*EXERCISE*: Practice item. Set the material below down again exactly, with no pictures.
--- INFORMATION SUPPLIED ---
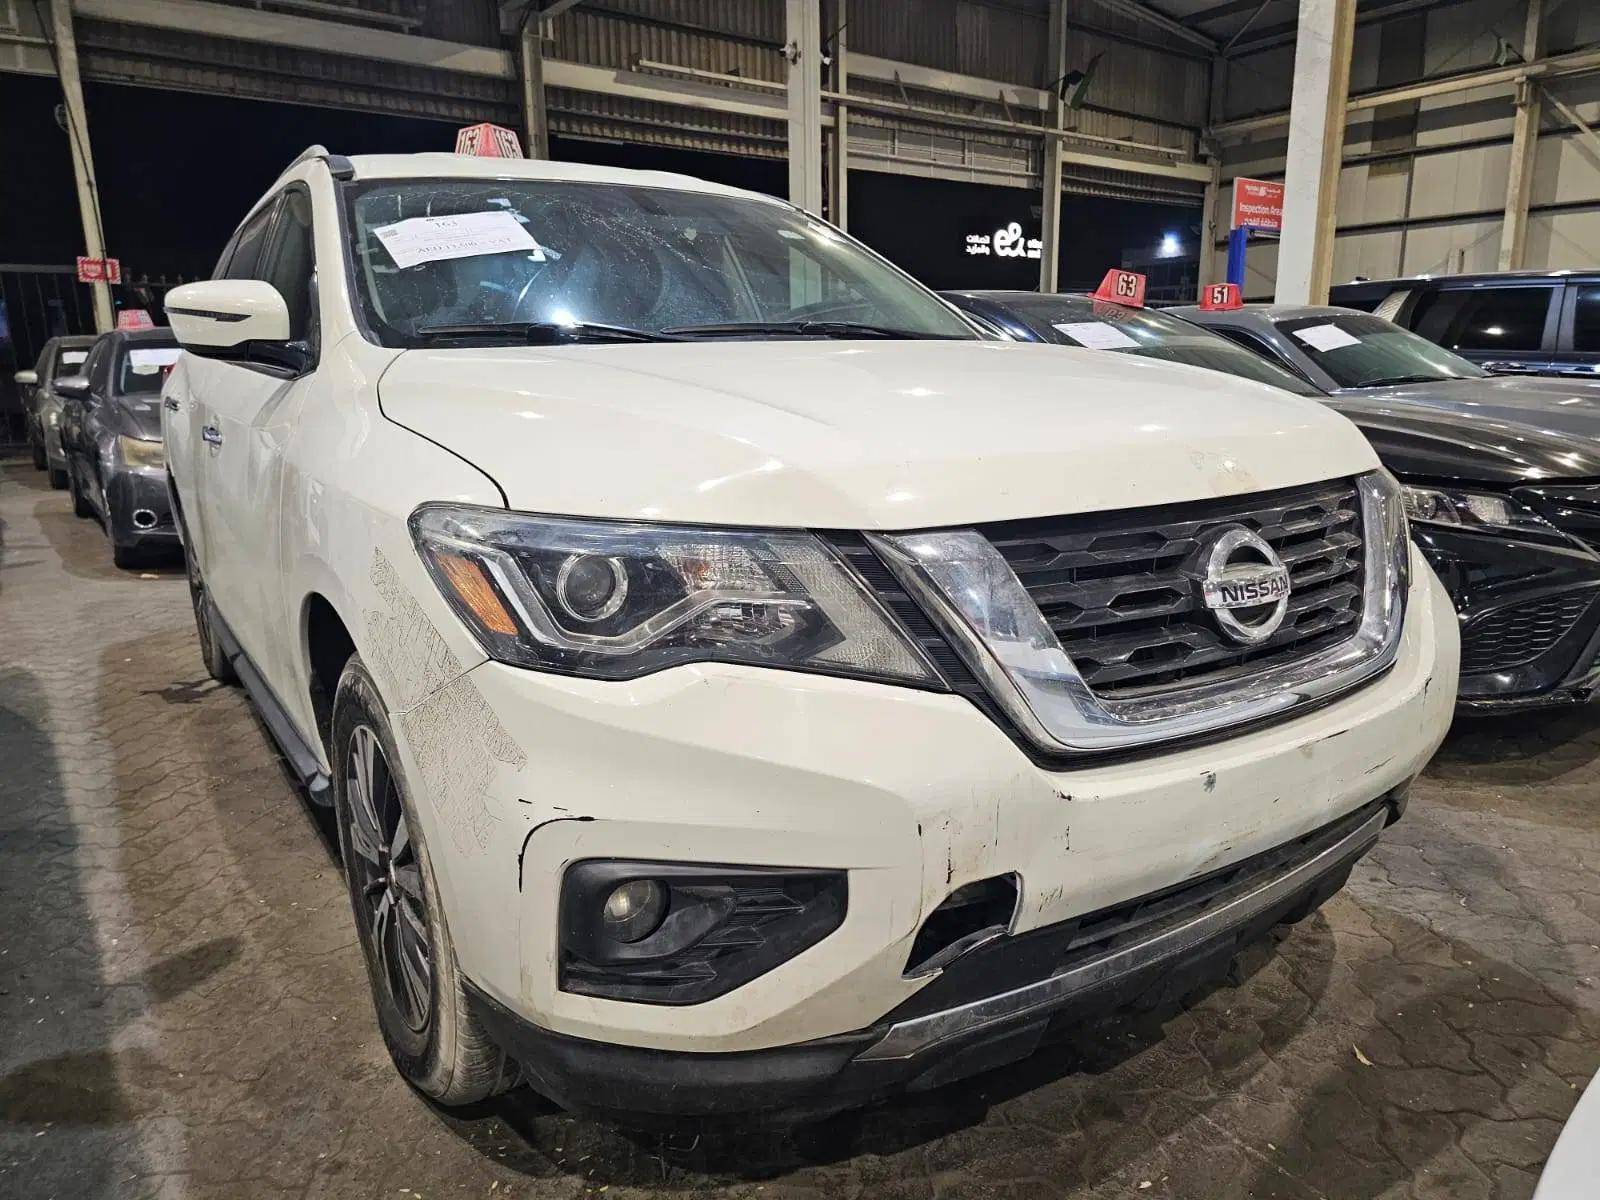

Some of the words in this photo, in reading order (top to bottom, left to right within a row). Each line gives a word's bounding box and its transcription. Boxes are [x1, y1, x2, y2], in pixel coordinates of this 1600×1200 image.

[460, 129, 480, 158] 163
[494, 128, 523, 159] 163
[1240, 202, 1270, 215] Inspection
[1117, 272, 1137, 297] 63
[1212, 285, 1229, 304] 51
[1220, 575, 1289, 603] NISSAN
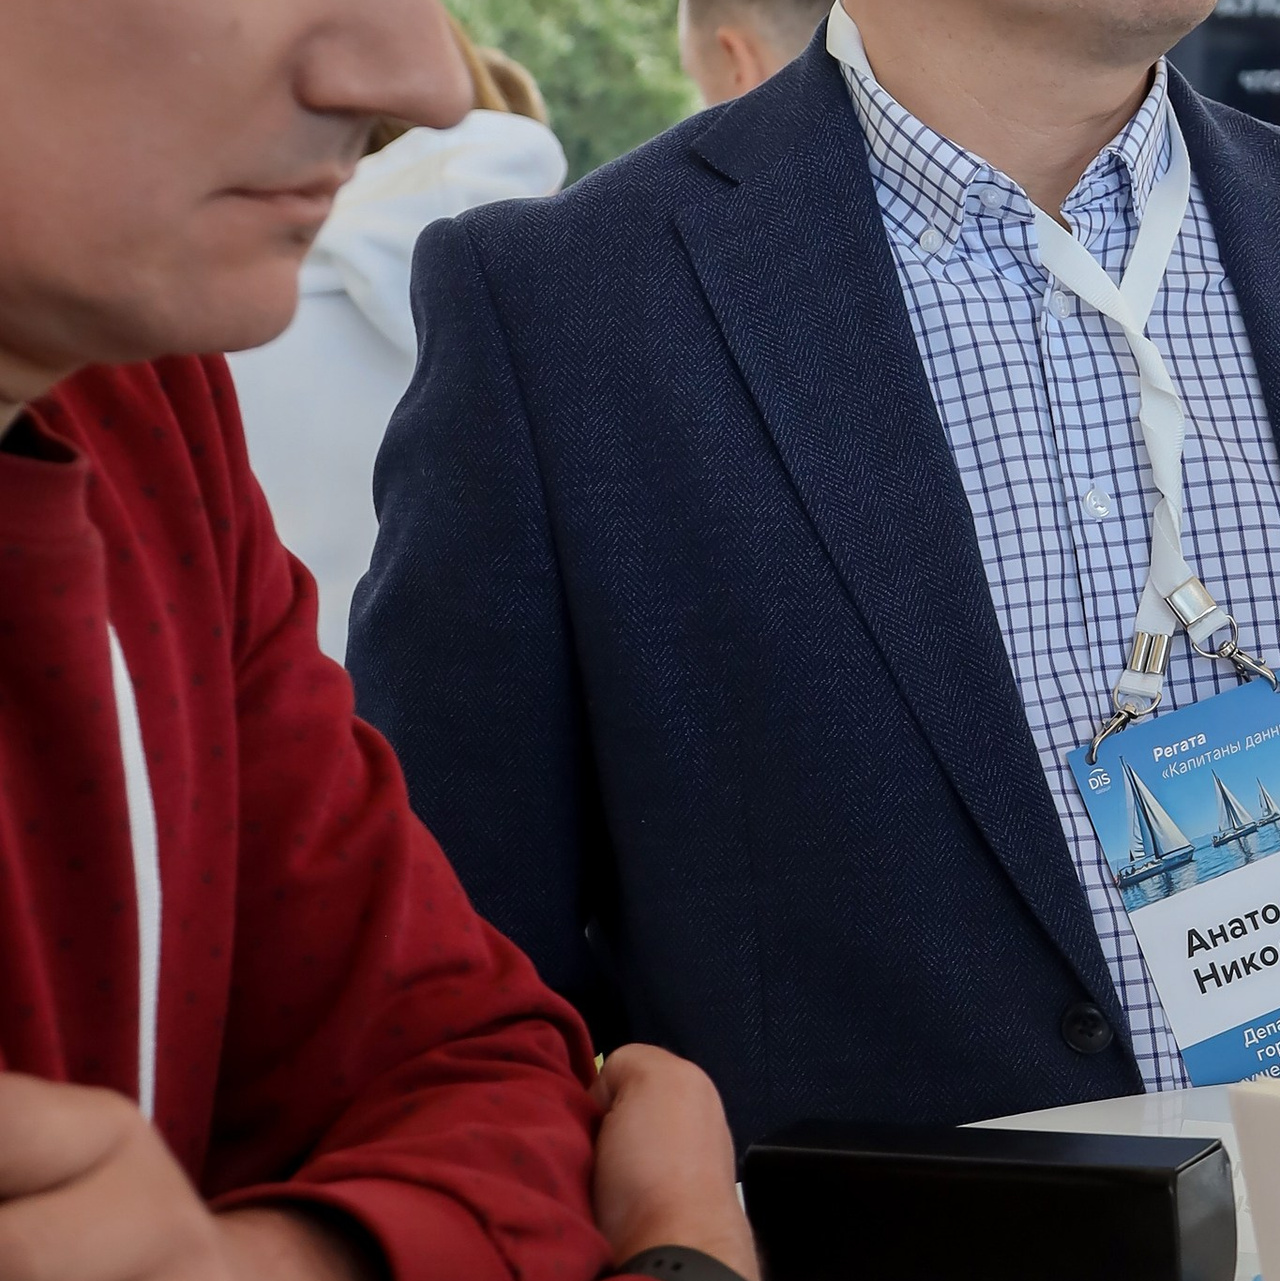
---
*ANSWER SPACE*:
Some of the words in this photo, in reading order (top to bottom, left to right within a row). Each line gives a word's bounding box and its transcription. Boxes are [x1, y1, x2, y2], in pixel coordinates of this 1600×1200 image.

[460, 129, 480, 158] 163
[494, 128, 523, 159] 163
[1240, 202, 1270, 215] Inspection
[1117, 272, 1137, 297] 63
[1212, 285, 1229, 304] 51
[1220, 575, 1289, 603] NISSAN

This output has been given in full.